Greetings OWU faculty, staff, students, and alumni community,
I have not yet begun work officially at Ohio Wesleyan, but OWU is already on my mind and in my heart. In talking to faculty and students during my interviews, I found a love of learning and engaged conversation that is the best of the liberal arts. I was taken with OWU’s “Statement of Aims”: “to impart knowledge, to enhance student capabilities, and to place education in the context of values.” The third aim is particularly critical in this historical moment, especially given the pain, trauma, anger, fear, and stress so many are feeling.
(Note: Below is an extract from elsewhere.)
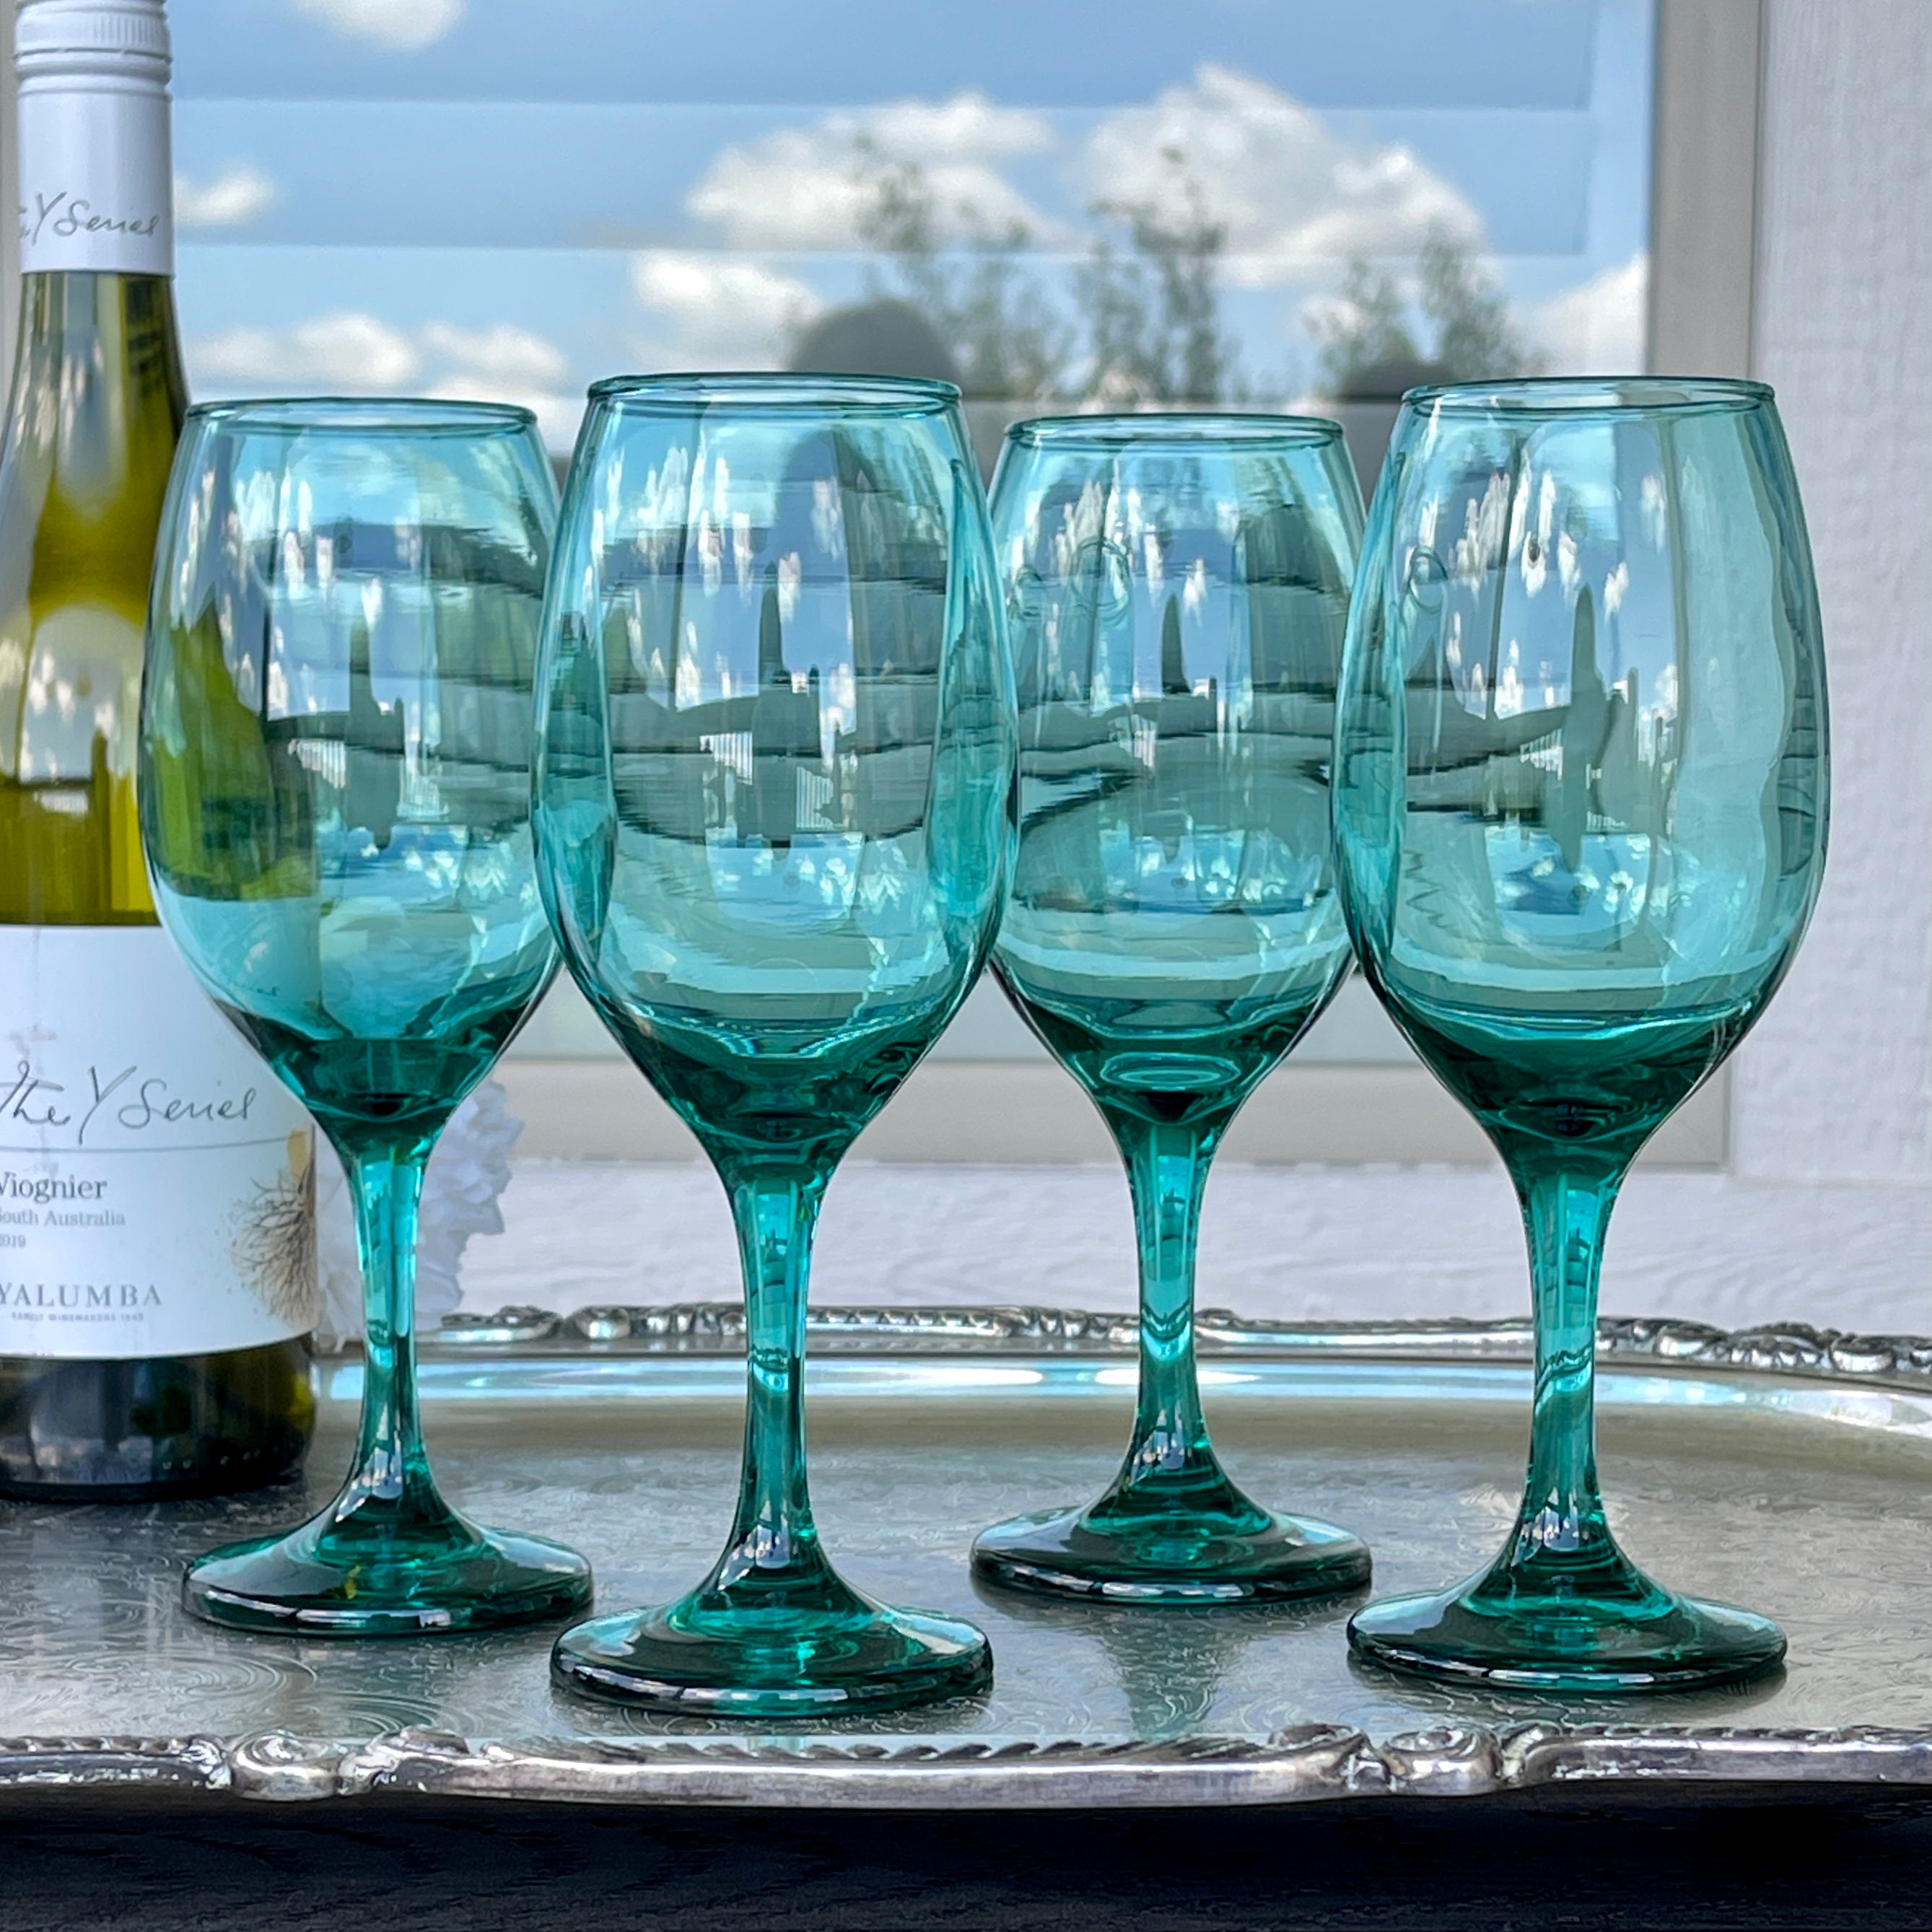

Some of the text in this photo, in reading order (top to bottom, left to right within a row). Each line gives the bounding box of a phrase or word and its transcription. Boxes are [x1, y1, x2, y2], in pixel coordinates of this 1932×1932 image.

It is our value as a community to have rich, hard dialogue about pressing issues while also holding a space for one another’s common humanity. Yet how do we have these conversations when for some, the idea of “common humanity” feels like an empty promise? When we say Black Lives Matter, we affirm that Black lives must matter as a baseline and that they have not historically mattered. We are speaking frankly that not all lives have mattered equally. That is an injustice that we cannot abide. We do not want to live in that world. Yet we have continued to do so.
And it is a world our students can change, especially if we give them the tools. I believe in that possibility and I believe that a liberal-arts education makes students particularly poised and prepared for creating new, better worlds.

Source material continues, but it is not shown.